Theard Aladin (October 12, 1925 – August 17, 1993) was a Haitian self-taught artist, noted for his artwork depicting Haitian life and use of bright colors in paintings.

== Biography ==
Aladin was from Jacmel, a city on the southern coast of Haiti. After working as a stonemason and farmer for many years, Aladin suffered a serious back injury in 1983, which left him unable to continue this line of work. For months he supported his family by doing odd jobs around Jacmel, but in fall of 1984, he had a dream in which he was told that he was an artist. The very next day, he began his first painting. Shortly thereafter, Aladin moved to a house in Carrefour, a commune outside of Port-au-Prince, where he worked closely with other Haitian artists until 1987. The subject matter of his paintings was typically scenes of working-class Haitians, but occasionally Aladin depicted religious accounts inspired by Haitian Vodou.

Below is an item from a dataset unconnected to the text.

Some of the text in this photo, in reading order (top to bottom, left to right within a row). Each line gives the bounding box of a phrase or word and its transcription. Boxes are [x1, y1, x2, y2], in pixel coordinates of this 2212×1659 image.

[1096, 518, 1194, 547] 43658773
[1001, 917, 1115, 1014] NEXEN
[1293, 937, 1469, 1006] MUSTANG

Aladin's artwork has been featured in books, including "The Vodou Box" by Manuela Dunn Mascetti. He was also mentioned in the book Latin American and Caribbean Artists of the Modern Era: A Biographical Dictionary which said he was "noted for his colorful naive compositions depicting Haitian life."

He died of heart disease on August 17, 1993, at the age of 68.

Theard had nine children, among which is artist Agathe Aladin. She spent much of her early life watching and helping her father paint.

His work is included in various galleries and exhibitions including "The Jonathan Demme Collection of Self-Taught Art" (2014) at Material Culture Gallery in Philadelphia.